We hope this addition facilitates replication and further adoption of the methodology by other researchers.
Comment 3: The Harmonized Landsat and Sentinel-2 (HLS) project lacks specific information on period, temporal resolution, number of bands, etc.
Response 3: Thank you for bringing this to our attention. Upon review, we found that while information on period and temporal resolution was already included, the number of spectral bands used was not explicitly stated. We have now added the following clarification in Lines 172–175:
“The spectral bands used in the study include the visible bands (Red, Green, and Blue), as well as the Near-Infrared (NIR) and Shortwave Infrared (SWIR1 and SWIR2) bands, which are commonly used in vegetation and water-related indices.”
The full description of the HLS dataset and its application in this study can be found in Lines 104–175.
Comment 4: When comparing the differences between different indices, it is recommended to add significance tests to reflect the statistical significance of the comparison results.

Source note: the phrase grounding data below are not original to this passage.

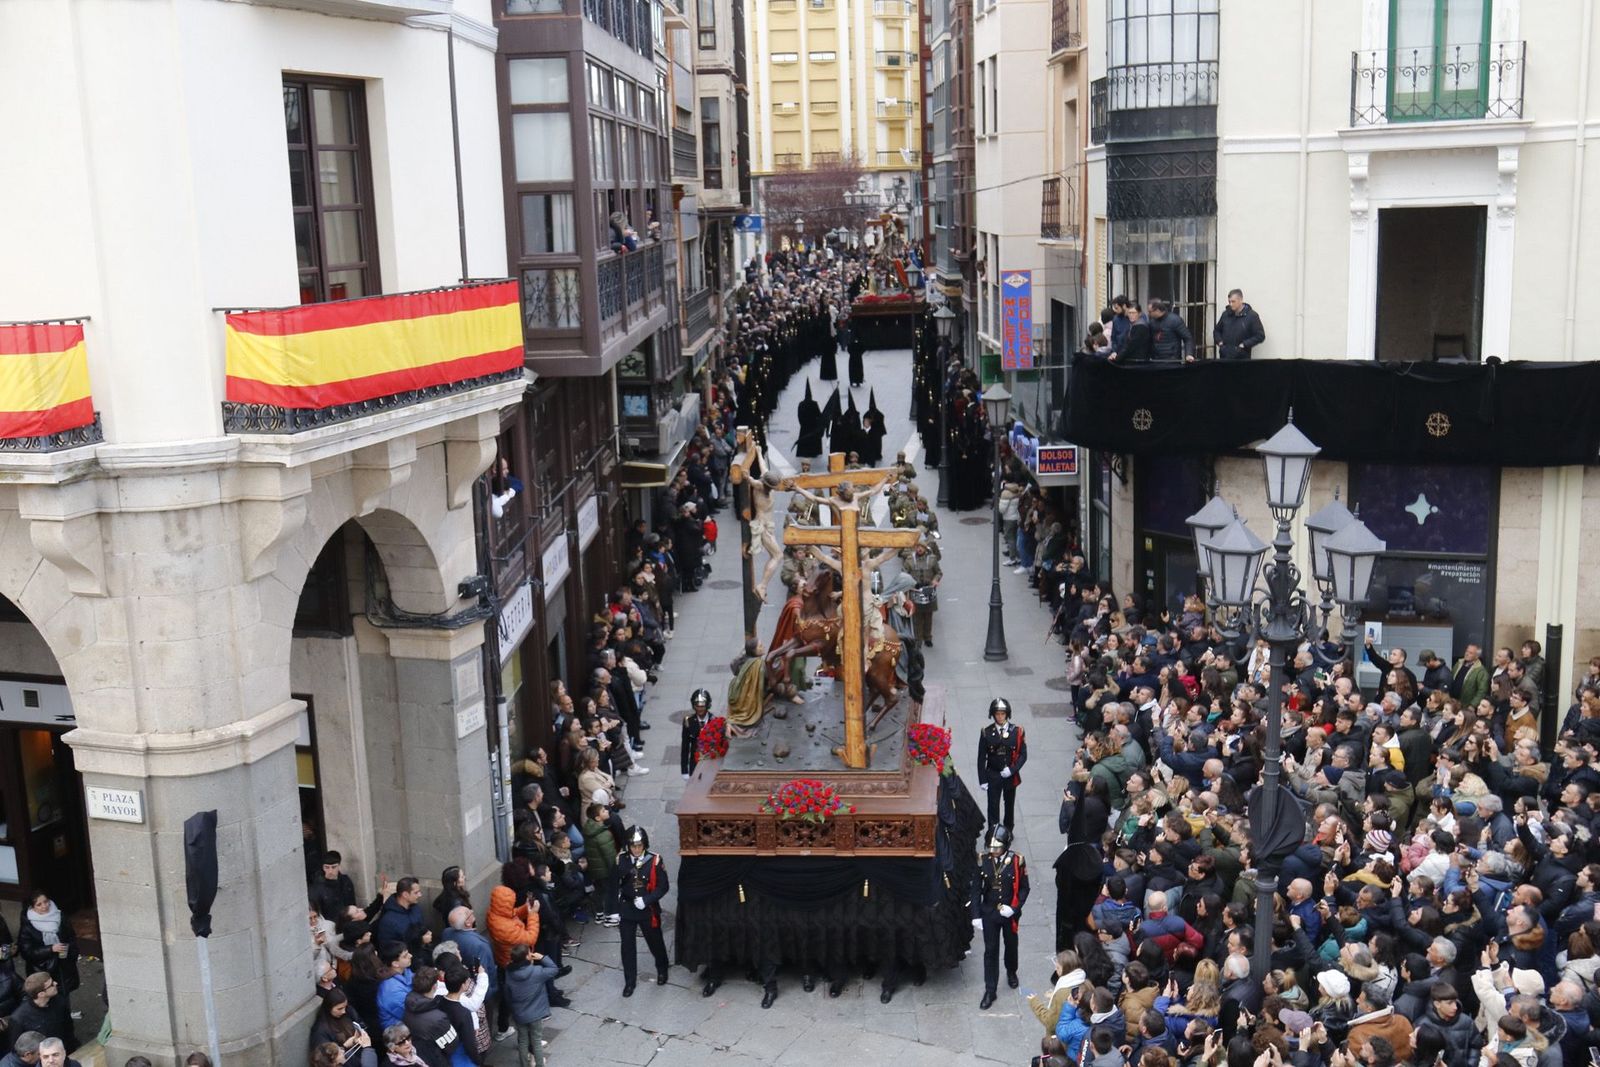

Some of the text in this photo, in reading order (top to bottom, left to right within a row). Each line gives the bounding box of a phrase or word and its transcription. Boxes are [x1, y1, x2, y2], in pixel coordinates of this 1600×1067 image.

[1004, 298, 1017, 368] MALETAS
[1018, 296, 1031, 368] BOLSOS
[1041, 451, 1073, 460] BOLSOS
[1040, 463, 1076, 472] MALETAS
[1428, 563, 1480, 572] #mantenimiento
[102, 793, 134, 804] PLAZA
[103, 805, 137, 816] MAYOR
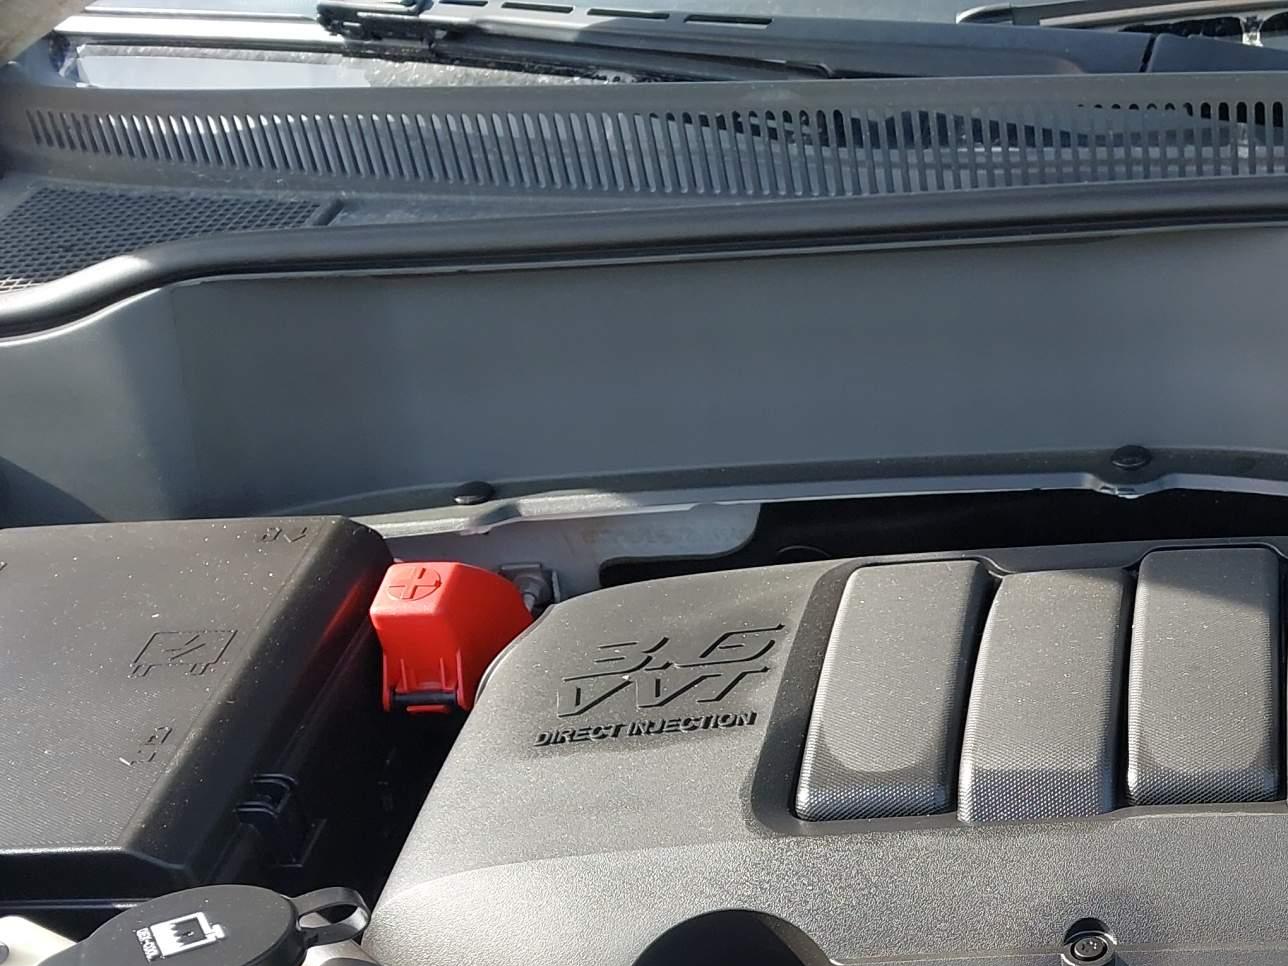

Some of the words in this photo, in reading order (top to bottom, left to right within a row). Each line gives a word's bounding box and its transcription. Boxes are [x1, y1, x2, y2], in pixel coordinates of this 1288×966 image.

[556, 666, 771, 718] VVT
[532, 723, 628, 746] DIRECT
[627, 711, 758, 738] INJECTION

Response 4: Thank you very much for this meaningful suggestion. We agree that statistical testing strengthens the validity of our comparative analysis. In response, we conducted a Wilcoxon signed-rank test, a non-parametric paired test, to assess the significance of the performance differences between VAWIlog and well-established indices.
Details of the procedure are included in the newly added Section 2.4: Comparative Analysis against Established Water Indices and Dynamic World V1, and the results are presented in Figure 7b, with the following description added in Lines 324–325:
“Statistical testing using the Wilcoxon signed-rank test further confirmed that these improvements are statistically significant (p-value < 0.01), as shown in Figure 7b.”

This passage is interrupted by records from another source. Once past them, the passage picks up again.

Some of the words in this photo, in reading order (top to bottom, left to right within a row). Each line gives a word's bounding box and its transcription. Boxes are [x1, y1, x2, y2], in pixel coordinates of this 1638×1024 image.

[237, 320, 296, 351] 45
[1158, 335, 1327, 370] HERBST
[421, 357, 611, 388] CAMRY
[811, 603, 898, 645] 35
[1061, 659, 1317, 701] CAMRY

Comment 5: Please supplement the quantitative results about the limitations of the index. For example, VAWIlog tends to underestimate when detecting open water bodies, especially rivers and reservoirs; in forest areas, VAWIlog tends to overestimate the existence of water bodies...
Response 5: Thank you for this important comment. We agree that it is essential to highlight the limitations of VAWIlog quantitatively. In response, we have added Figure 14, which illustrates the underestimation of VAWIlog in open water conditions and its overestimation in forested land covers (or trees), using NDWI as a reference. These patterns are also visually evident in Figure 13.

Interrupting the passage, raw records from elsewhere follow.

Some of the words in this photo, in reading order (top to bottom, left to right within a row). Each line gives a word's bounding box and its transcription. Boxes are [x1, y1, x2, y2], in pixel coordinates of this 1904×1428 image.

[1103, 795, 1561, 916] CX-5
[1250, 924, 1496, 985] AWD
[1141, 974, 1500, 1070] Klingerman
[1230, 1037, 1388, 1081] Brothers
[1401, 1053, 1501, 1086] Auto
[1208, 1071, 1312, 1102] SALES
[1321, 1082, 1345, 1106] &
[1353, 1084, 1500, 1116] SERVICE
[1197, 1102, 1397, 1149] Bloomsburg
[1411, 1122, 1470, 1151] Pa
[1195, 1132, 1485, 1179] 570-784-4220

Supporting explanations and references to the new figure are provided in Lines 415–418.
Comment 6: The authors suggest using NDWI to detect open water and water under tree canopies. What is the theoretical basis for this? Do all indices based on satellite optical sensors cannot currently identify water bodies under the canopy, and does NDWI just have relatively higher identification accuracy?
Response 6: Thank you for raising this important point. We would like to clarify that NDWI is used in this study solely for demonstration purposes in open water mapping. The intention is not to claim that NDWI can more reliably detect open water compared to other indices, but rather to demonstrate a broader framework that combines indices with complementary strengths.
To avoid misunderstanding, we revised the manuscript to include the following clarification in Lines 445–450:
“Building on the observed behavior of VAWIlog and conventional open-water indices across different land cover types, we propose a combined approach that integrates VAWIlog, any established water index (such as NDWI, MNDWI, AWEI, WRI, or others), and the Dynamic World V1 dataset to produce more comprehensive surface water maps. While NDWI is used here for demonstration purposes, the framework is designed to accommodate any open-water index suited to the target landscape.”
This emphasizes the flexibility of the proposed method and clarifies that NDWI is not uniquely favored.